O Russian Tea Room (em tradução livre, “Sala de Chá Russa”), icônico restaurante novaiorquino que não é de propriedade de russos, apesar do nome, vem sofrendo queda acentuada em sua clientela desde o início da ofensiva de Putin na Ucrânia. Estadunidenses derrubaram vodcas russas nas ruas em “protesto” em diversas cidades do país.

Protesto diante da embaixada russa em Nova York com garrafas de vodcas sendo esvaziadas na rua

No meio político também há manifestações nada construtivas. O deputado democrata da Califórnia Eric Swalwell defendeu na semana passada, na CNN, que se discutisse a extradição de estudantes da Rússia. “Francamente, eu acho… expulsar todos os estudantes russos dos Estados Unidos”, disse , deveria “estar na mesa”. O também deputado democrata Ruben Gallego, do Arizona, o apoiou, tuitando: “Esses estudantes russos são filhos e filhas dos russos mais ricos. Uma mensagem forte pode ser enviada enviando-os para casa.” Cerca de 5 mil estudantes vindos da Rússia estudavam em universidades estadunidenses em 2021, de acordo com o Instituto de Educação Internacional.

Ondas de preconceito recorrentes

Renné aponta que “ser russo não é sinônimo de apoiar um presidente autocrático”. “Na história americana, pessoas inocentes muitas vezes se tornaram bodes expiatórios para as decisões imorais dos tiranos. Com a guerra de Putin contra a Ucrânia, não finja que não pode acontecer novamente”, adverte, destacando outros episódios em que diversas nacionalidades foram alvo de discriminação em diversos países, em especial nos Estados Unidos, como os chineses, durante a pandemia de covid-19, ou mesmo a islamofobia estimulada após os ataques terroristas do 11 de Setembro.

“O sentimento antimuçulmano e a violência aumentaram após os ataques de 11 de setembro de 2001. Manifestantes islamofóbicos frustraram os planos de construção de mesquitas e centros comunitários, enquanto casas de culto muçulmanas foram desfiguradas e vandalizadas”, lembra. “Desde o início da pandemia de covid-19, os crimes de ódio contra asiáticos, asiático-americanos e habitantes das ilhas do Pacífico aumentaram. Depois que a China se tornou a primeira nação a identificar o vírus, Chinatowns, inclusive em Boston, sofreram o peso da raiva e do medo irracionais que fizeram com que seus negócios lutassem semanas antes de o país entrar em confinamento.”
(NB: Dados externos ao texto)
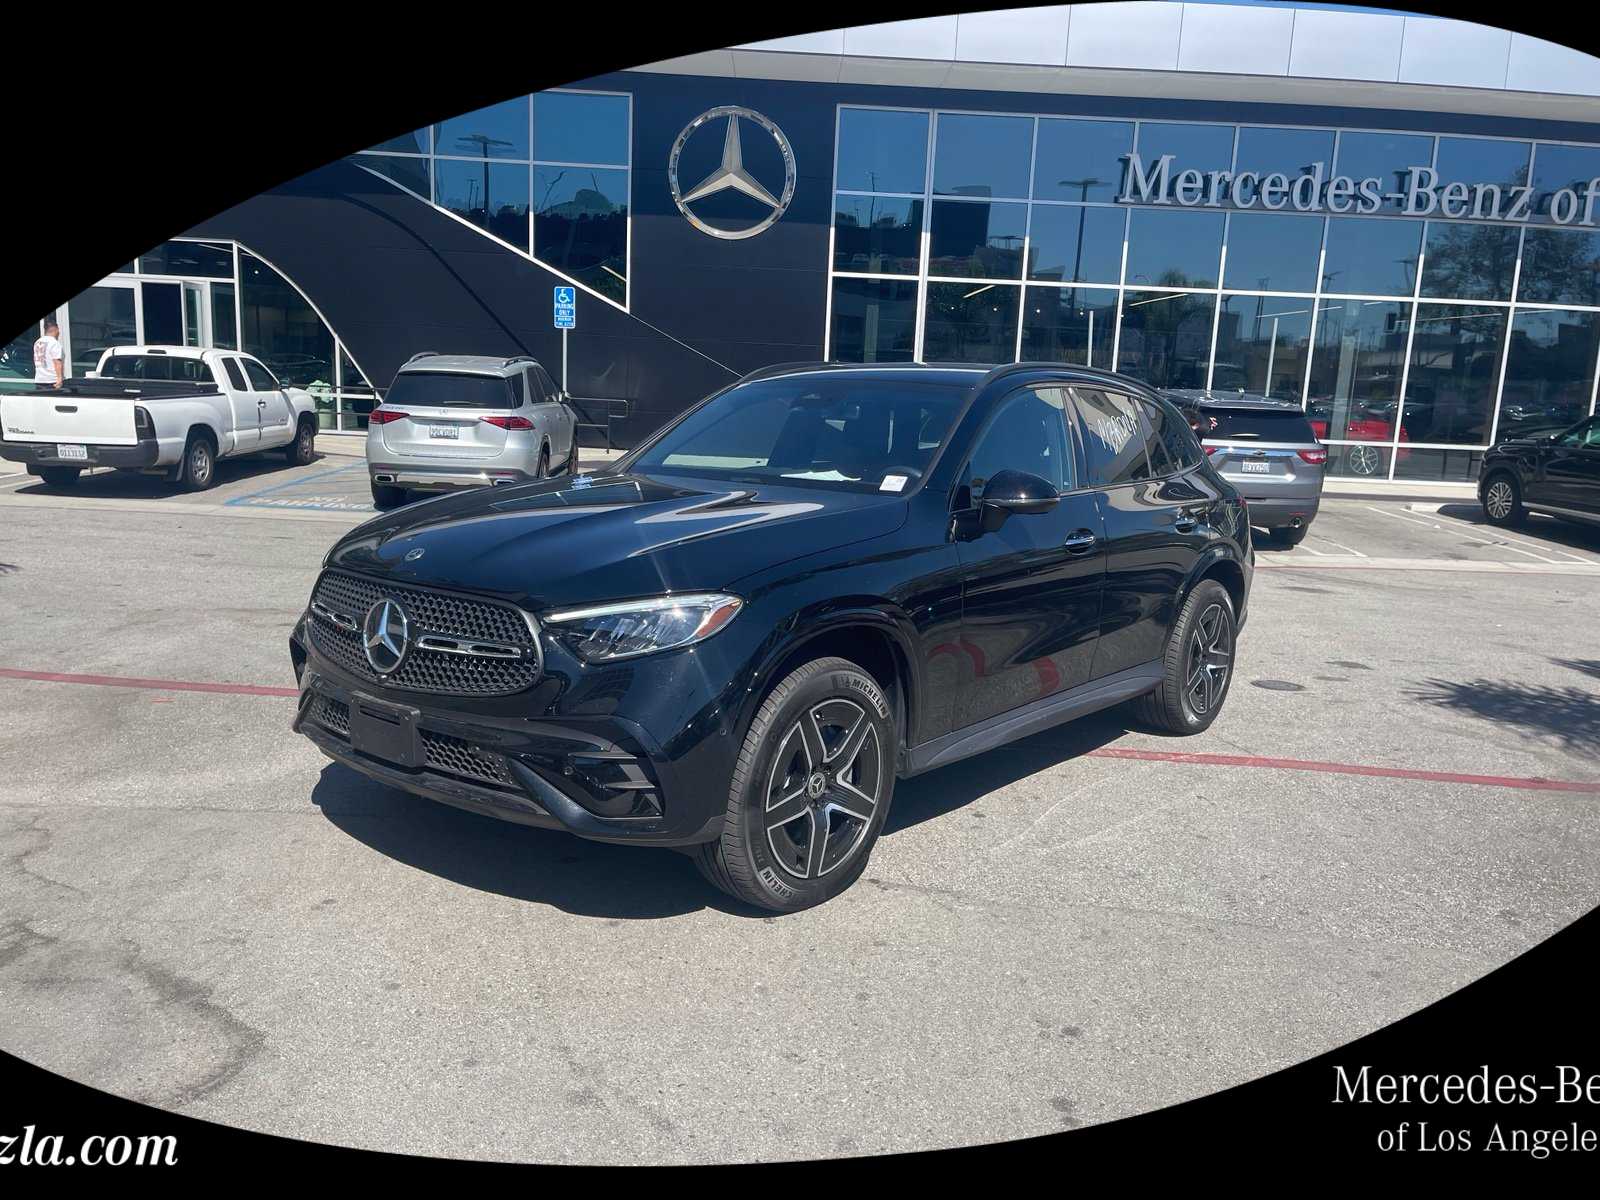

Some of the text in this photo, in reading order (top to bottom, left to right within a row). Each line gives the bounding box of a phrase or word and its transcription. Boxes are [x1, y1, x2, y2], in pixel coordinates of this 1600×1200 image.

[1118, 152, 1600, 227] Mercedes-Benz of
[851, 679, 888, 717] MICHELIN
Os números demonstram a realidade que Renné aponta. Entre março de 2020 e dezembro de 2021, um total de 10.905 incidentes de ódio contra pessoas asiáticas americanas e das Ilhas do Pacífico (AAPI) foram relatados à entidade Stop AAPI Hate. As violações dos direitos civis como, por exemplo, discriminação no local de trabalho, recusa de serviço, ser barrado em transporte e discriminação relacionada à moradia, representaram 11,5% do total de incidentes.
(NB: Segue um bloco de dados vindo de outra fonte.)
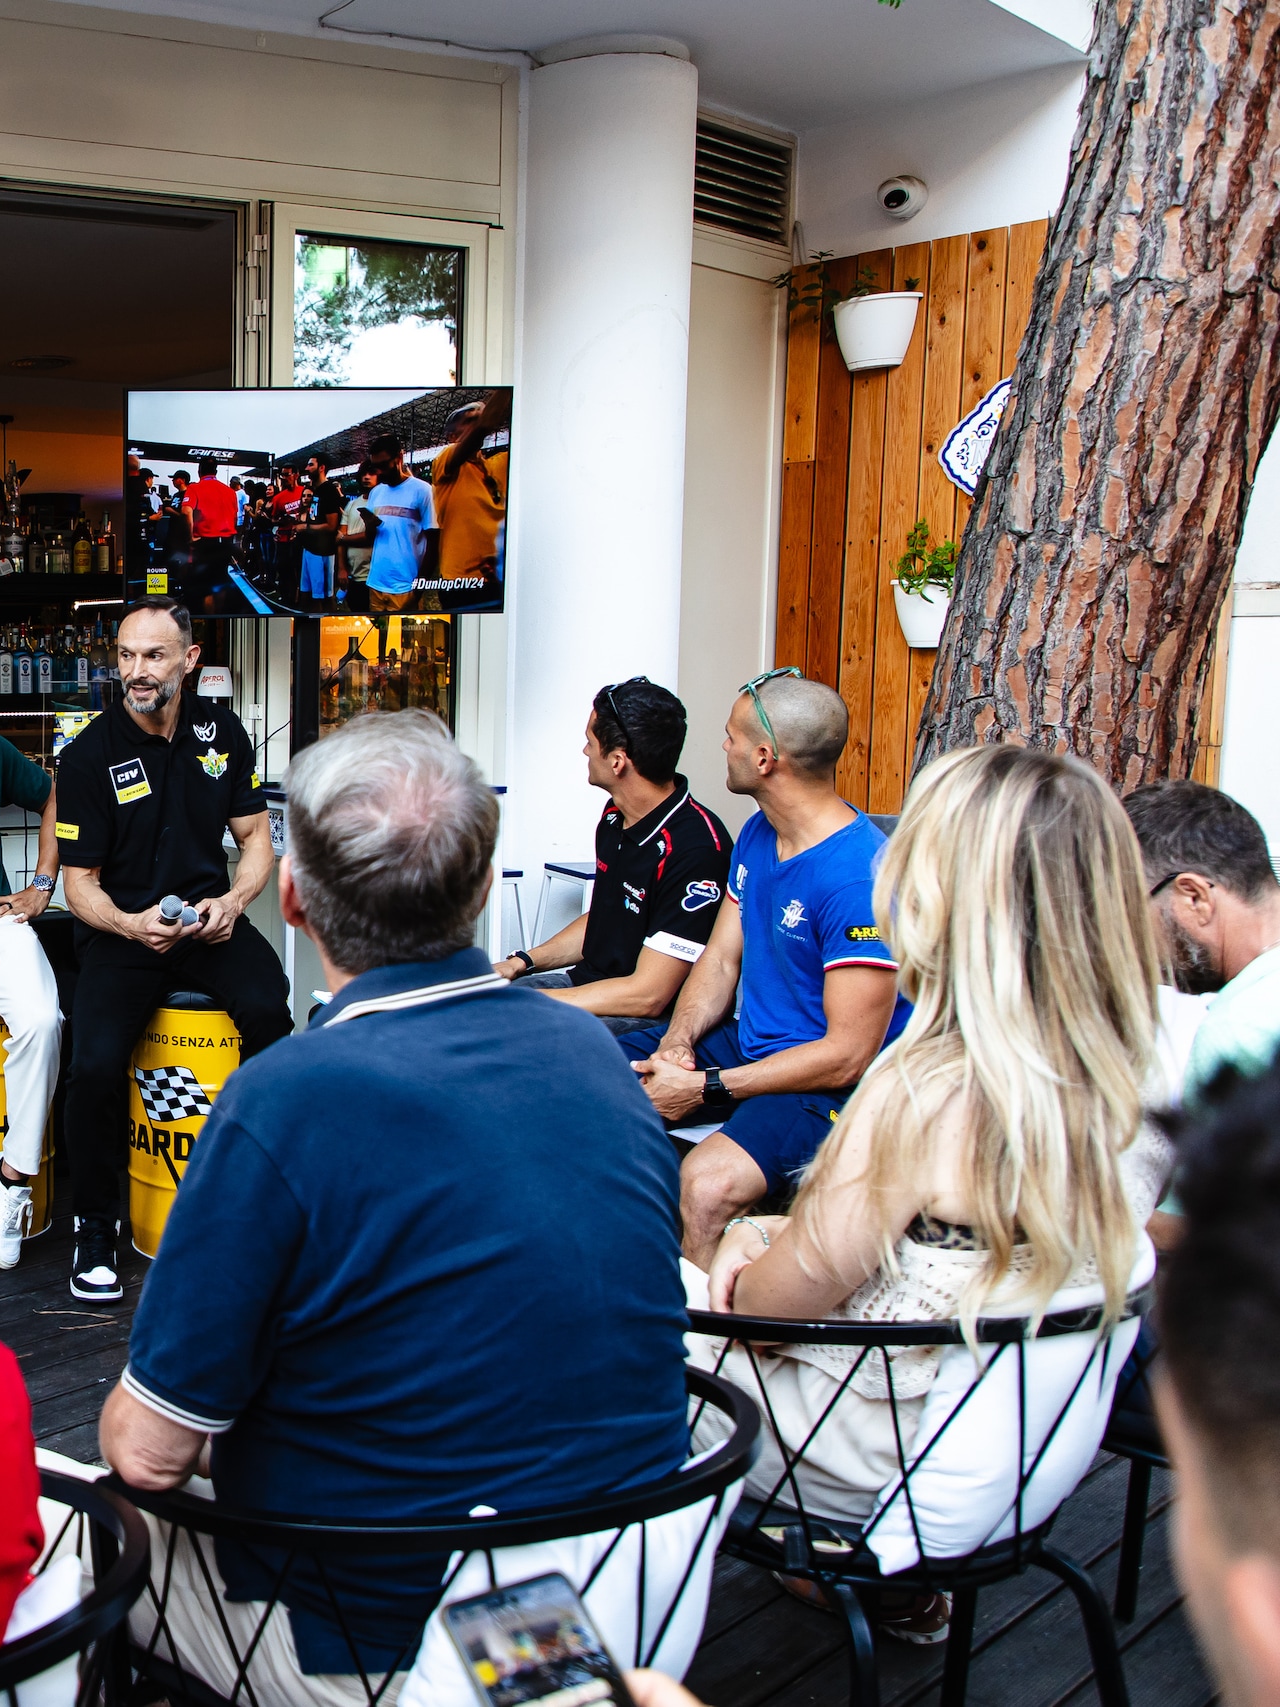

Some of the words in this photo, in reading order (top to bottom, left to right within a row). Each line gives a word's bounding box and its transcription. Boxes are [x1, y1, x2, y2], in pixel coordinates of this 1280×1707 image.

[411, 577, 484, 591] #DunlopCIV24
[117, 768, 139, 783] CIV
[850, 927, 881, 938] ARR
[172, 1035, 215, 1048] SENZA
[129, 1120, 197, 1162] BARD
“Sem dúvida, as repercussões sempre são mais profundas para as comunidades não brancas”, lembra a jornalista. “Meses após o bombardeio de Pearl Harbor pelo Japão em 1941, mais de 120 mil nipo-americanos foram removidos à força de suas casas e enviados para campos de internação onde permaneceram durante a guerra. Nada mais do que sua etnia os tornava suspeitos. Algo que expôs de forma singular o que a cidadania americana realmente significa para quem não é branco.”